_ACTIVITY_
Return each of the entries below precisely, with no pictures in the result.

_ENTRIES PROVIDED_
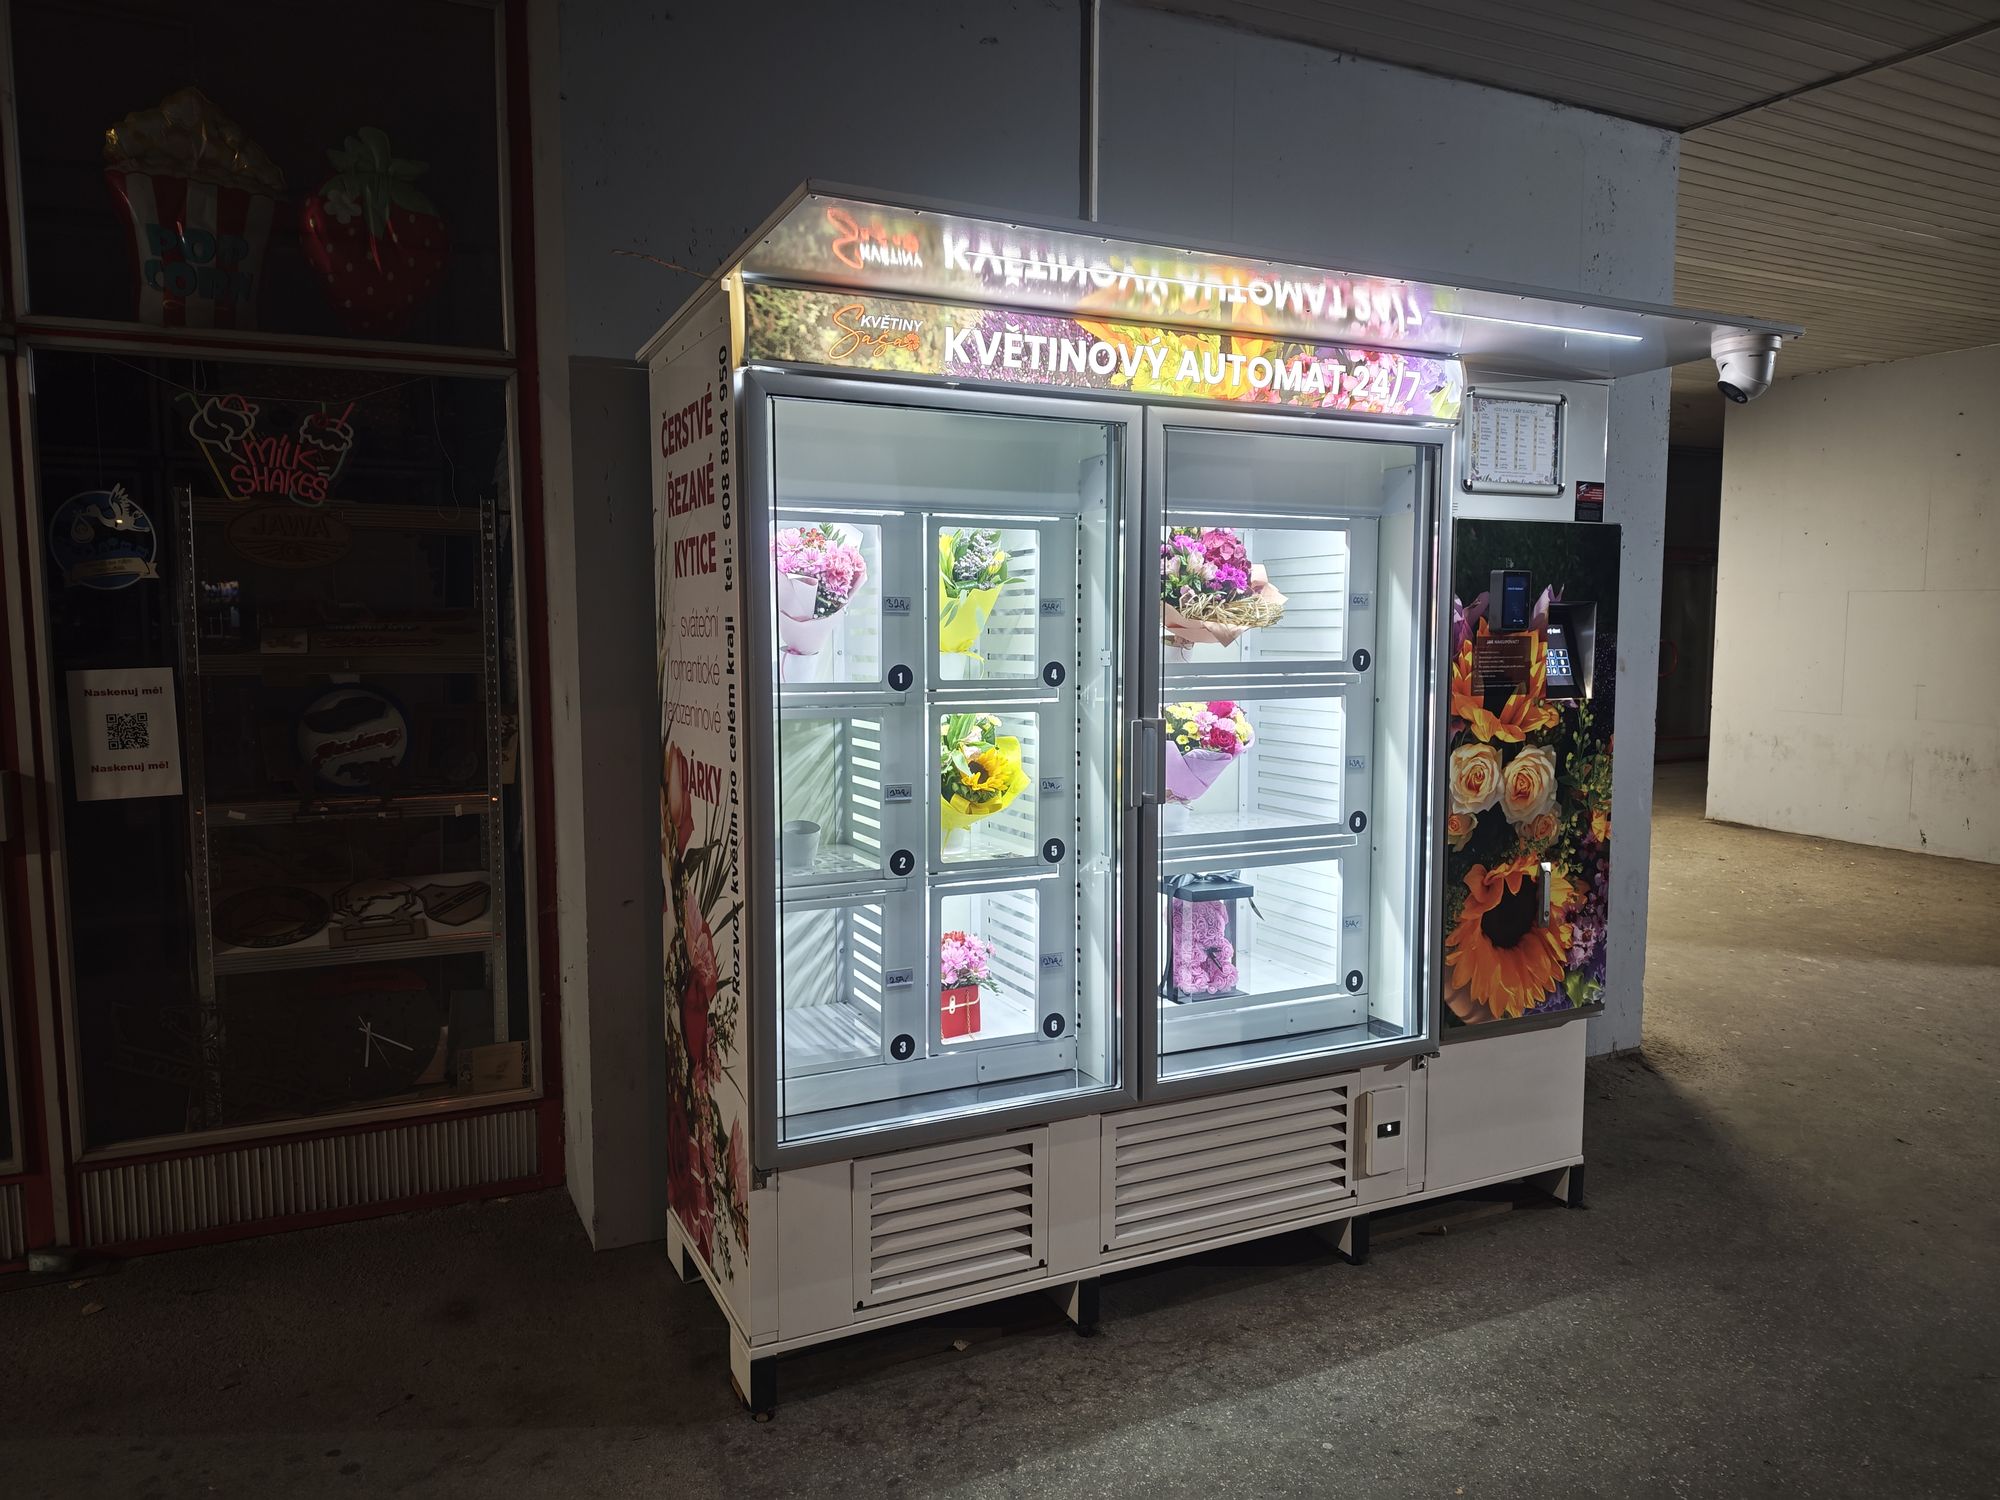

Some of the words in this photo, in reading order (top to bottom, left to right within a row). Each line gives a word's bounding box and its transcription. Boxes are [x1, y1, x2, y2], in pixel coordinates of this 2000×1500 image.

[860, 314, 924, 332] KVĚTINY
[718, 345, 728, 401] 950
[944, 323, 1169, 380] KVĚTINOVÝ
[1175, 350, 1347, 395] AUTOMAT
[1352, 359, 1421, 408] 24/7
[661, 382, 713, 458] ČERSTVÉ
[720, 408, 729, 465] 884
[667, 453, 715, 518] ŘEZANÉ
[722, 473, 731, 529] 608
[250, 512, 331, 538] JAWA
[674, 531, 717, 579] KYTICE
[680, 605, 719, 638] sváteční
[725, 616, 735, 675] kraji
[670, 654, 720, 686] romantické
[897, 672, 903, 684] 1
[1051, 669, 1057, 680] 4
[83, 688, 138, 697] Naskenuj
[728, 684, 737, 763] celém
[91, 762, 145, 773] Naskenuj
[681, 748, 722, 807] DÁRKY
[730, 770, 738, 805] po
[1355, 816, 1361, 827] 8
[899, 857, 906, 869] 2
[1050, 845, 1057, 857] 5
[1352, 975, 1358, 987] 9
[1050, 1019, 1057, 1031] 6
[899, 1041, 906, 1053] 3

_SOLUTION TO THE PROBLEM_
Some of the words in this photo, in reading order (top to bottom, left to right within a row). Each line gives a word's bounding box and its transcription. Boxes are [x1, y1, x2, y2], in pixel coordinates of this 2000×1500 image.

[860, 314, 924, 332] KVĚTINY
[718, 345, 728, 401] 950
[944, 323, 1169, 380] KVĚTINOVÝ
[1175, 350, 1347, 395] AUTOMAT
[1352, 359, 1421, 408] 24/7
[661, 382, 713, 458] ČERSTVÉ
[720, 408, 729, 465] 884
[667, 453, 715, 518] ŘEZANÉ
[722, 473, 731, 529] 608
[250, 512, 331, 538] JAWA
[674, 531, 717, 579] KYTICE
[680, 605, 719, 638] sváteční
[725, 616, 735, 675] kraji
[670, 654, 720, 686] romantické
[897, 672, 903, 684] 1
[1051, 669, 1057, 680] 4
[83, 688, 138, 697] Naskenuj
[728, 684, 737, 763] celém
[91, 762, 145, 773] Naskenuj
[681, 748, 722, 807] DÁRKY
[730, 770, 738, 805] po
[1355, 816, 1361, 827] 8
[899, 857, 906, 869] 2
[1050, 845, 1057, 857] 5
[1352, 975, 1358, 987] 9
[1050, 1019, 1057, 1031] 6
[899, 1041, 906, 1053] 3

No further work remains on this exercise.